Russia's 'Fancy Bear' hackers target hotel guests

Networking security website FireEye discovered a malicious document in several emails sent to multiple companies in the hospitality industry, including hotels in at least seven European countries and one Middle Eastern country, in early July. The document contained a macro that installs GAMEFISH malware, which is associated with a politically motivated Russian hacking group known as APT28 (or Fancy Bear). This is allegedly the same group that hacked the Democratic National Committee ahead of last year's U.S. election. The tool used after the initial malware installation, EternalBlue, reportedly was leaked from the U.S. National Security Agency itself.

FireEye said those hackers, believed to be associated with the Russian military intelligence service GRU, have begun to use EternalBlue as one technique to broaden their control of hotel networks after gaining an initial foothold via phishing or other techniques, reports Wired. Once those hackers take control of hotels' Wi-Fi, they’re using that access to harvest victim computers’ usernames and passwords silently, with a trick that doesn’t even require users to actively type them when signed onto the hotel network.

“It’s definitely a new technique" for the Fancy Bear hacker group, Ben Read, who leads FireEye’s espionage research team, told Wired. “It’s a much more passive way to collect on people. You can just sit there and intercept stuff from the Wi-Fi traffic.”

The security group warns travelers to be aware of the threat when visiting hotels in other countries (though unsecured WiFi isn't restricted to foreign hotels), and to take steps to secure their systems.

"Publicly accessible Wi-Fi networks present a significant threat and should be avoided whenever possible," wrote Read and Lindsay Smith in a blog post.

FireEye says it first saw evidence that Fancy Bear might be targeting hotels in the fall of last year, when the company analyzed an intrusion that had started on one corporate employee's computer. The company traced that infection to the victim's use of a hotel Wi-Fi network while traveling; 12 hours after the person had connected to that network, someone connected to the same Wi-Fi network had used the victim's own credentials to log into the victim's computer, install malware on the machine and access the victim's Outlook data. That implies, FireEye said, that a hacker had been sitting on the same hotel's network, possibly sniffing its data to intercept the victim's credentials.

FireEye says that the hacked networks were those of moderately high-end hotels, the kind that attract presumably valuable targets. "These were not super expensive places, but also not the Holiday Inn," FireEye's Read said. "They're the type of hotel a distinguished visitor would stay in when they’re on corporate travel or diplomatic business."
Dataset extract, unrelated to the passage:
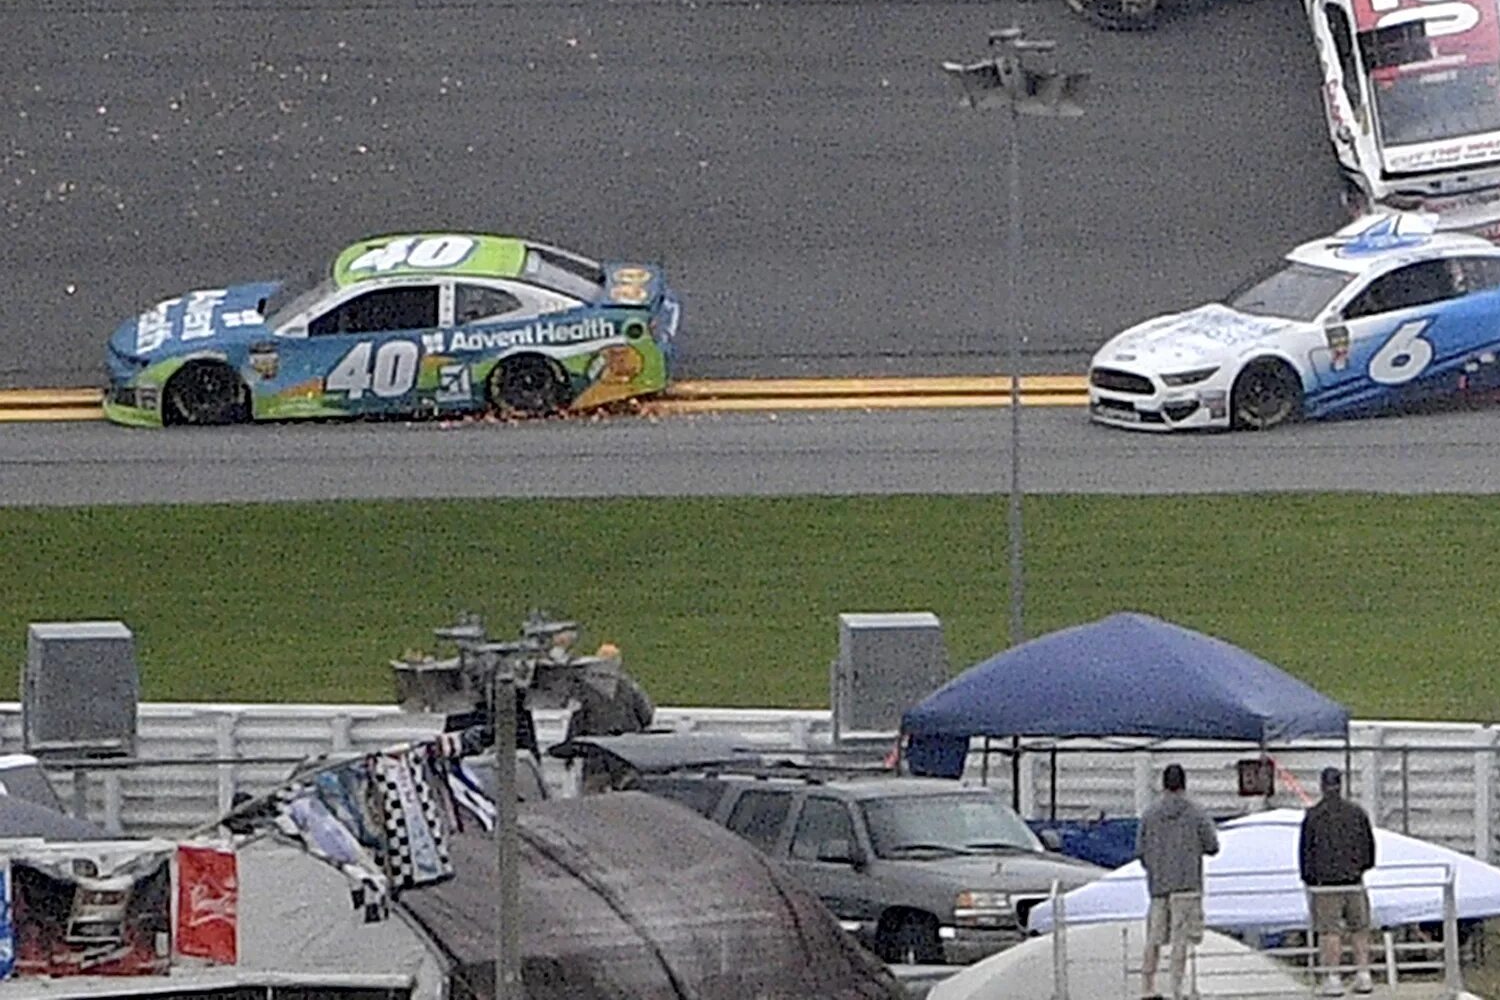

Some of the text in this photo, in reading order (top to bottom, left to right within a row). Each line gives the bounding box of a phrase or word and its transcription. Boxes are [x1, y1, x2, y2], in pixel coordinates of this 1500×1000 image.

[348, 233, 478, 271] 40
[326, 340, 419, 399] 40
[1367, 317, 1436, 386] 6
But FireEye says it doesn't know whether the hackers had specific visitors in mind, or were simply casting a wide net for potential victims. "Maybe this was designed just to establish a foothold and see who shows up, or maybe they were just testing something out," Read said.

Other than the victim whose case they analyzed last year, the company's analysts couldn't confirm any individual victims whose credentials were stolen from the target hotels.